A number of Wulfsohn's pictures were included in the 'Then and Now' publication, in which the work of eight South African photographers who worked during and after the apartheid era is highlighted. Six of her images are included in the 'Rise and Fall of Apartheid' exhibition. Her photographs were published in The Lancet , Mother Jones, The Economist, Marie Claire and Der Spiegel.

==Exhibitions==
===Solo exhibitions===
- Living Openly. Bat Centre, Durban, July 2000.
- Malibongwe – Let us Praise the Women. Travelling exhibition. Apartheid Museum October 2006/Nelson Mandela Foundation/Parliament Cape Town/ Slave Lodge Cape Town/ Rwanda 2013

===Group exhibitions===
- Living Openly, Bonanai Africa, Museum Afrika, 2002.
- SA Women's Projects, Bonani Africa, Museum Afrika 2002.
- The Fatherhood Project, Museum Afrika 2004.
- Then & Now. Travelling exhibition South Africa, Europe, USA, Australia 2007.
- Rise & Fall of Apartheid, 2013–2014, USA, Europe, South Africa (Museum Afrika)
- Ngezinyawo – Migrant Journeys, Wits Art Museum, 2014
- Between States of Emergency, Nelson Mandela Foundation, 2015

==Death and legacy==
Wulfsohn was diagnosed with inoperable lung cancer in 2005, and lived until 27 December 2011. She left behind a husband, Mark Turpin, and twin sons Joseph and Samuel.
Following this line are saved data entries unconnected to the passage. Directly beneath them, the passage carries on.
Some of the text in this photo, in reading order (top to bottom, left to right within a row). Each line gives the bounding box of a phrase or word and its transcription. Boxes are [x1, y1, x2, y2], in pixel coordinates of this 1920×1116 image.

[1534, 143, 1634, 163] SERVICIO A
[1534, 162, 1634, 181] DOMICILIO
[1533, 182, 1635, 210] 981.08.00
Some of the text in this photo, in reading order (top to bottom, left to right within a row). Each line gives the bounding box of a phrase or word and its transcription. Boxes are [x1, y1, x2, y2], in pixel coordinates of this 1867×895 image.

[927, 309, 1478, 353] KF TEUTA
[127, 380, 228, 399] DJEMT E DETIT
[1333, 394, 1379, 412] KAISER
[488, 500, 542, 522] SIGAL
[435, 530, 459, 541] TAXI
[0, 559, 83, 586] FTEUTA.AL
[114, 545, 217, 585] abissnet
The Centre for The Study of AIDS at the University of Pretoria produced an illustrated calendar of her work just before she died.
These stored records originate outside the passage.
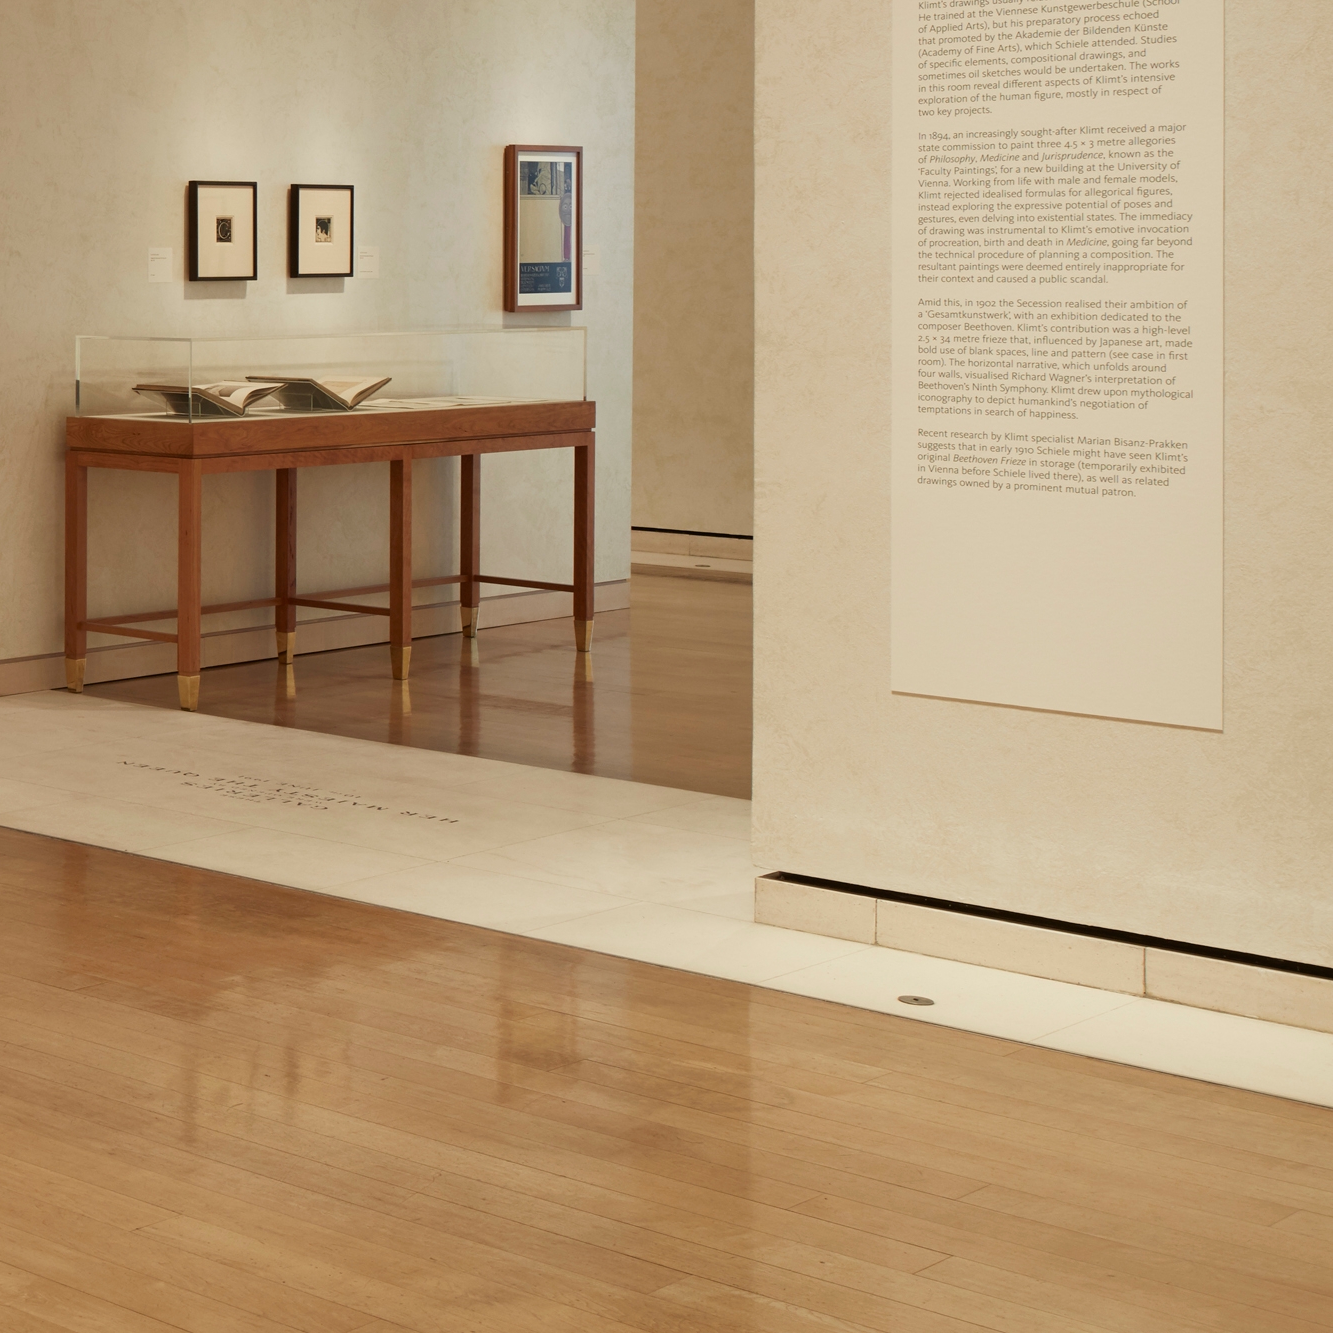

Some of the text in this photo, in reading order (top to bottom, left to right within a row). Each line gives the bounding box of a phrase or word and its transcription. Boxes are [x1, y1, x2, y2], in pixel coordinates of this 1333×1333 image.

[919, 12, 931, 21] He
[934, 10, 965, 20] trained
[967, 9, 975, 17] at
[979, 8, 993, 17] the
[996, 7, 1038, 15] Viennese
[919, 21, 1168, 45] that promoted by the Akademie der Bildenden Künste
[918, 47, 962, 58] (Academy
[964, 45, 974, 54] of
[976, 45, 995, 53] Fine
[1025, 40, 1052, 50] which
[1055, 39, 1089, 48] Schiele
[1141, 34, 1177, 44] Studies
[918, 71, 966, 80] sometimes
[969, 69, 979, 77] oil
[982, 67, 1021, 77] sketches
[1024, 65, 1051, 75] would
[1055, 65, 1066, 73] be
[1129, 60, 1147, 69] The
[1150, 59, 1180, 68] works
[919, 131, 926, 139] In
[966, 128, 1018, 139] increasingly
[1021, 126, 1077, 138] sought-after
[1080, 125, 1104, 134] Klimt
[1107, 123, 1147, 133] received
[1158, 123, 1187, 133] major
[918, 155, 927, 163] of
[980, 153, 1020, 161] Medicine
[1022, 152, 1039, 160] and
[1109, 149, 1141, 158] known
[1158, 148, 1174, 156] the
[919, 190, 941, 198] Klimt
[944, 189, 979, 200] rejected
[983, 189, 1022, 197] idealised
[1026, 188, 1066, 197] formulas
[1069, 188, 1081, 196] for
[1085, 186, 1133, 198] allegorical
[919, 198, 1173, 212] instead exploring the expressive potential of poses and
[918, 226, 927, 234] of
[929, 226, 965, 236] drawing
[987, 225, 1045, 233] instrumental
[1049, 225, 1059, 233] to
[1095, 224, 1134, 233] emotive
[1138, 224, 1189, 232] invocation
[918, 250, 933, 258] the
[935, 250, 975, 258] technical
[978, 250, 1024, 260] procedure
[1027, 250, 1037, 258] of
[1039, 250, 1079, 260] planning
[1156, 249, 1174, 258] The
[918, 273, 938, 281] their
[941, 273, 974, 281] context
[977, 274, 993, 282] and
[996, 274, 1028, 282] caused
[1039, 274, 1067, 284] public
[918, 323, 961, 331] composer
[1050, 323, 1109, 332] contribution
[1143, 325, 1190, 336] high-level
[949, 357, 965, 366] The
[968, 358, 1013, 367] horizontal
[1062, 360, 1090, 369] which
[1094, 361, 1129, 370] unfolds
[1132, 363, 1167, 371] around
[973, 382, 997, 391] Ninth
[1052, 385, 1075, 393] Klimt
[1078, 385, 1101, 394] drew
[1104, 389, 1127, 397] upon
[1131, 388, 1193, 400] mythological
[918, 404, 971, 415] temptations
[984, 408, 1015, 416] search
[1017, 408, 1027, 416] of
[918, 428, 1188, 449] Recent research by Klimt specialist Marian Bisanz-Prakken
[917, 475, 957, 487] drawings
[959, 479, 989, 487] owned
[993, 479, 1003, 490] by
[1014, 482, 1062, 492] prominent
[1066, 485, 1099, 494] mutual
[116, 760, 200, 778] QUEEN
[208, 777, 259, 788] THE
[179, 781, 329, 811] GALLERIES
[399, 810, 460, 824] HER
After she died a bursary in her name was established by her family and friends at the Market Photo Workshop in Johannesburg to support young photographers committed to using photography to document important social issues. The first bursary recipient was Sydelle Willow Smith, and her solo exhibition 'Soft Walls' was displayed at the Market Photo Workshop and in Cape Town. The 2014/15 bursary recipient was Siphosihle Mkhwanazi and his 'Usual Suspect' exhibition opened in June 2015. Phumzile Khanyile was appointed as the third bursary recipient for 2015/16. Her 'Plastic Crowns' exhibition, focusing on issues of gender and identity, opened at the Market Photo Workshop in February 2017 and was a winning submission for the 2018 Contemporary African Photography Prize. The fourth recipient of the Mentorship was Thembinkosi Hlatshwayo, and his 'Slaghuis II' exhibition opened at the Market Photo Workshop in February 2020.

A major retrospective exhibition of Wulfsohn's photographic work was opened at the Wits Art Museum in August 2022.